Plaintiff bar tactics and novel theories of liability are continuing to drive up claim values. Tactics include jury anchoring, reptile theory and novel theories such as expansion of vicarious liability.

  • Jury anchoring: A strategy used to cause jurors to use a specific, often random, point of reference when evaluating damages in a lawsuit. Typically, it includes making references to corporate revenue or income as a means to set a start point for damages.
  • Reptile theory: This strategy continues to inflame jury awards nearly 15 years after it’s emergence and requires additional defense planning and preparation driving up litigation costs as well as claim payouts.
  • Novel theories of liability for auto claims include expansion of vicarious liability. These novel theories are not getting overturned by appellate courts and require additional legal strategies to overcome.

Nuclear verdicts: Large jury verdicts are continuing to drive up values attributed to liability claims. A recent study by Marathon Strategies found:

  • Nuclear verdict amounts increased by 178% compared to the five years prior to the COVID-19 pandemic.
  • Court closures interrupted the trend in 2020.
  • The sum of nuclear verdicts nearly quadrupled in the two years following 2020, increasing from $4.9 billion to over $18.3 billion in 2022.
  • In 2022, the number of nuclear verdicts doubled with the median amount increasing from $21.5 million to $41.1 million.
  • There were 20 awards over $100 million and four over $1 billion in 2022.
The most powerful defenses to litigation exposures are execution of avoidance and mitigation strategies. This begins with loss control.
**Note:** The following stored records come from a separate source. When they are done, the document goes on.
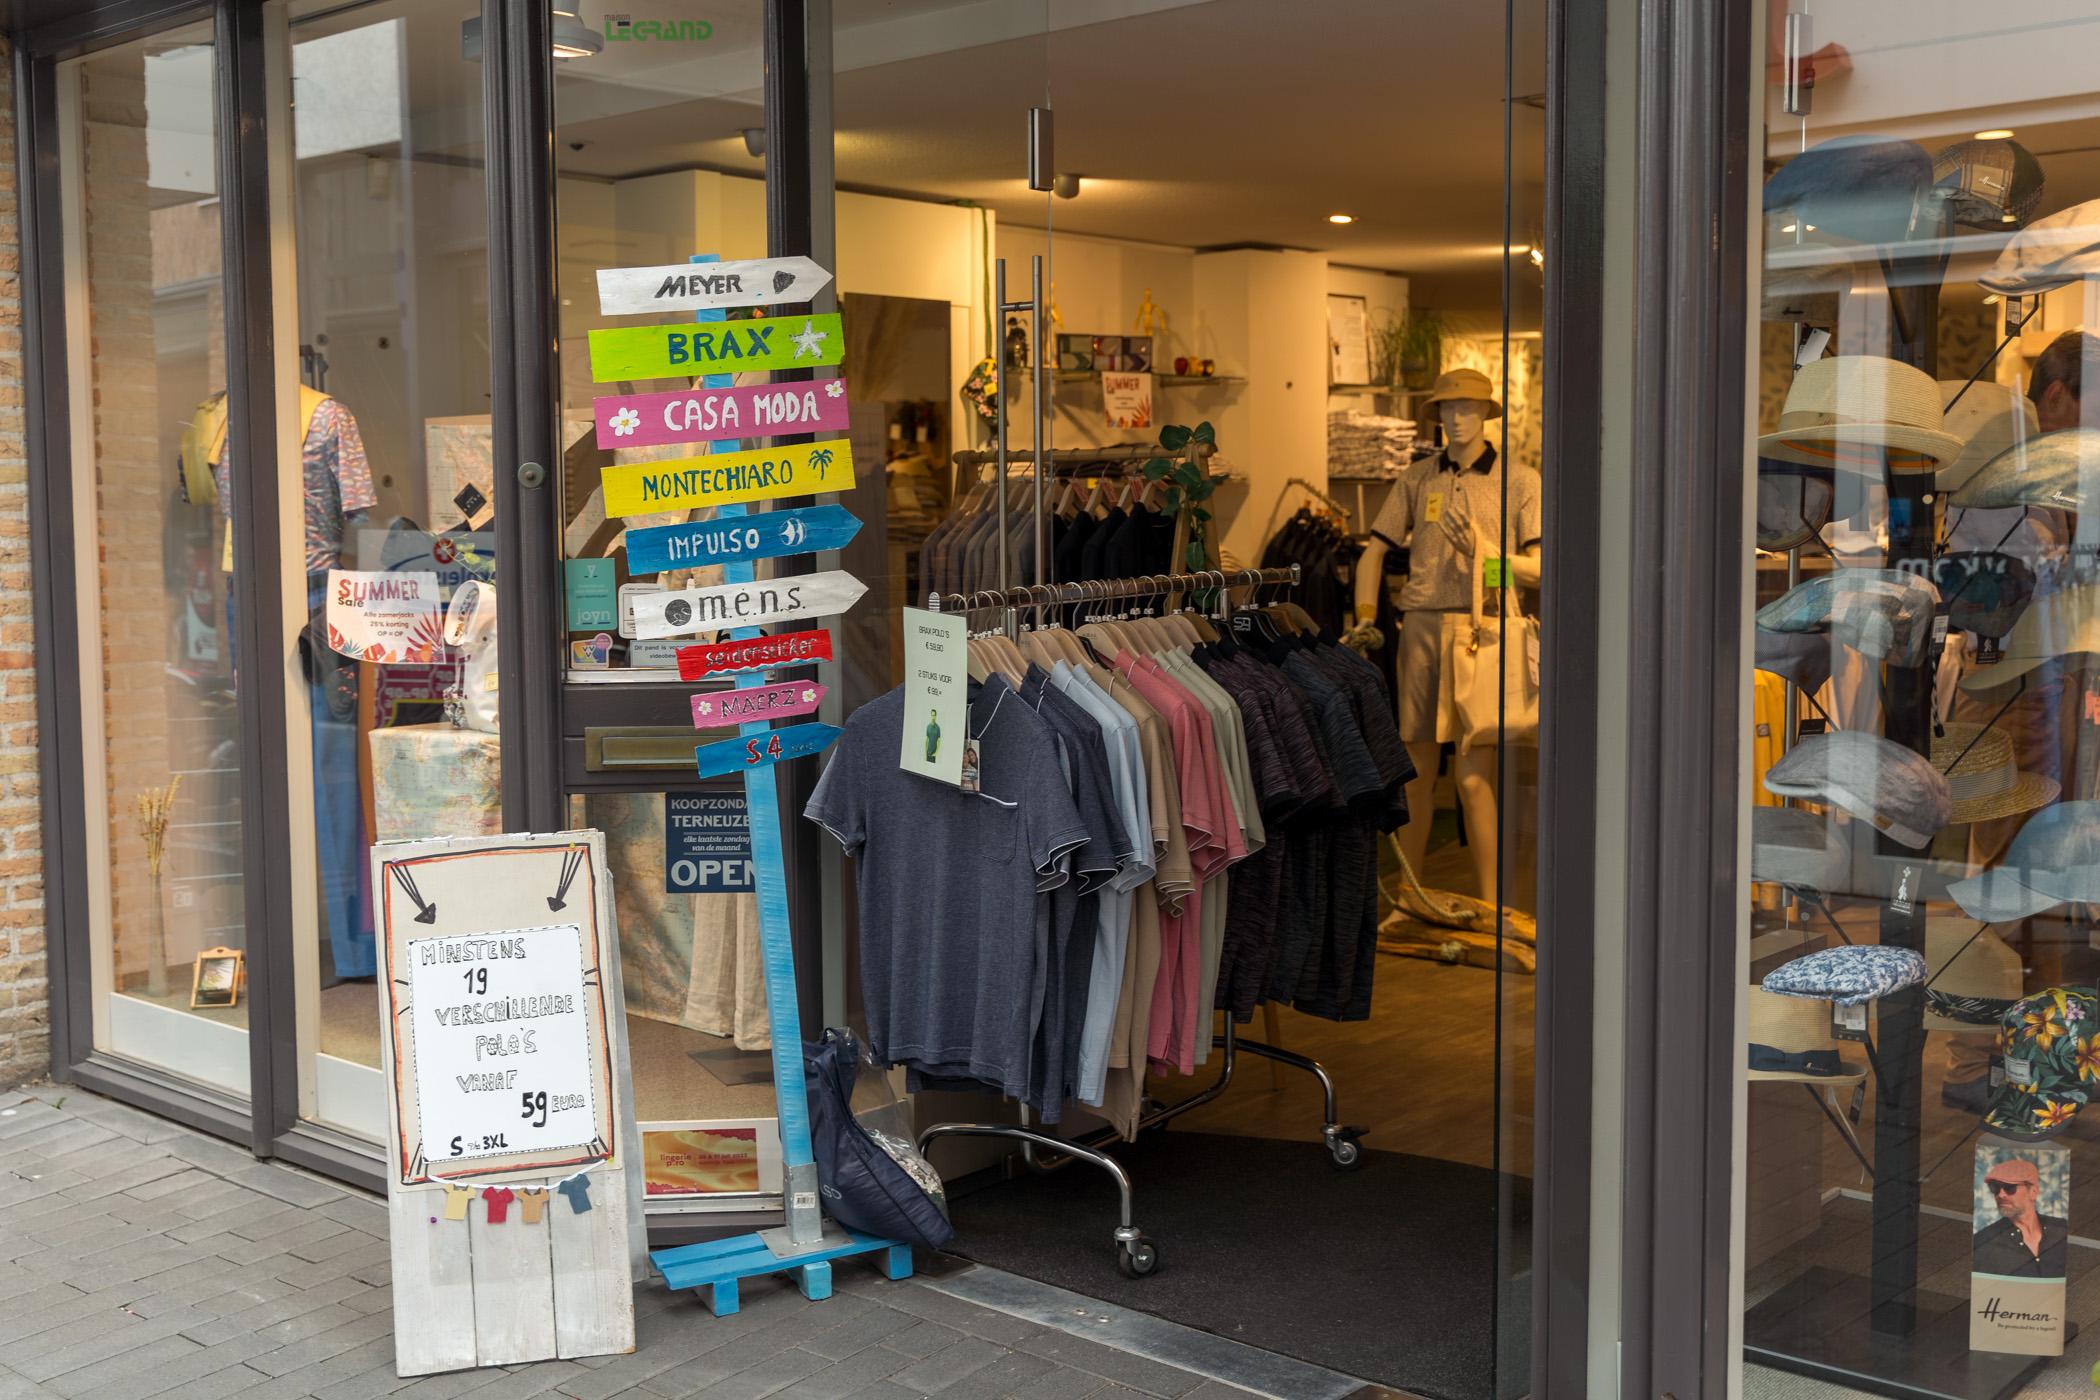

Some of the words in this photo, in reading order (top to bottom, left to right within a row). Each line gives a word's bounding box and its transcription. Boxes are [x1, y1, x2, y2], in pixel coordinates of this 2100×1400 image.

[654, 273, 744, 298] MEYER
[667, 326, 774, 365] BRAX
[663, 395, 740, 431] CASA
[753, 390, 820, 426] MODA
[642, 459, 793, 502] MONTECHIARO
[667, 528, 760, 561] IMPULSO
[338, 578, 420, 601] SUMMER
[337, 596, 364, 608] Sale
[378, 611, 415, 619] zomerjacks
[385, 621, 409, 629] korting
[576, 609, 611, 626] joyn
[704, 637, 818, 667] seidensticker
[922, 670, 938, 681] STUKS
[720, 688, 796, 719] MAERZ
[672, 815, 750, 828] TERNEUZE
[698, 835, 722, 843] laatste
[723, 835, 750, 845] zondag
[463, 967, 488, 995] 19
[456, 1070, 518, 1093] VANAF
[521, 1091, 547, 1128] 59
[552, 1094, 586, 1113] EURO
[450, 1135, 463, 1156] S
[483, 1133, 509, 1150] 3XL
[1977, 1297, 2058, 1323] Herman
Using data and predictive analytics and leveraging emerging technologies like telematics is useful in developing overall avoidance and mitigation plans of the initial losses. 

Litigation avoidance at the claim stage must continue to be a focus, particularly when recognizing the trend of claims being litigated sooner. Advocacy and timely communication that promotes understanding of the claim process with a resolution focus will help ensure that claims do not become litigated. Additionally, utilization of predictive modeling identifying claims likely to become litigated can prompt an aggressive workflow to push appropriate and timely resolution. 

Once a suit is at hand, seek to reach an amicable pretrial settlement. Identifying counsel with the specific knowledge and expertise of the relevant area of law, the jurisdiction and of current plaintiff strategies is foundational to favorable outcomes. Resolve all appropriate cases expediently. Alternative dispute resolution mechanisms generally present fewer volatile forums to reach settlements, and bench trials more often are preferable to jury trials. 

If a trial is warranted or unavoidable, specific trial tactics must be undertaken. Ensuring the defense attorney has a defined litigation strategy that encompasses an approach to the known challenges — reptile theory, anchoring, corporate sentiments, etc. — is a must. A different narrative must be created to ensure the best possible outcome.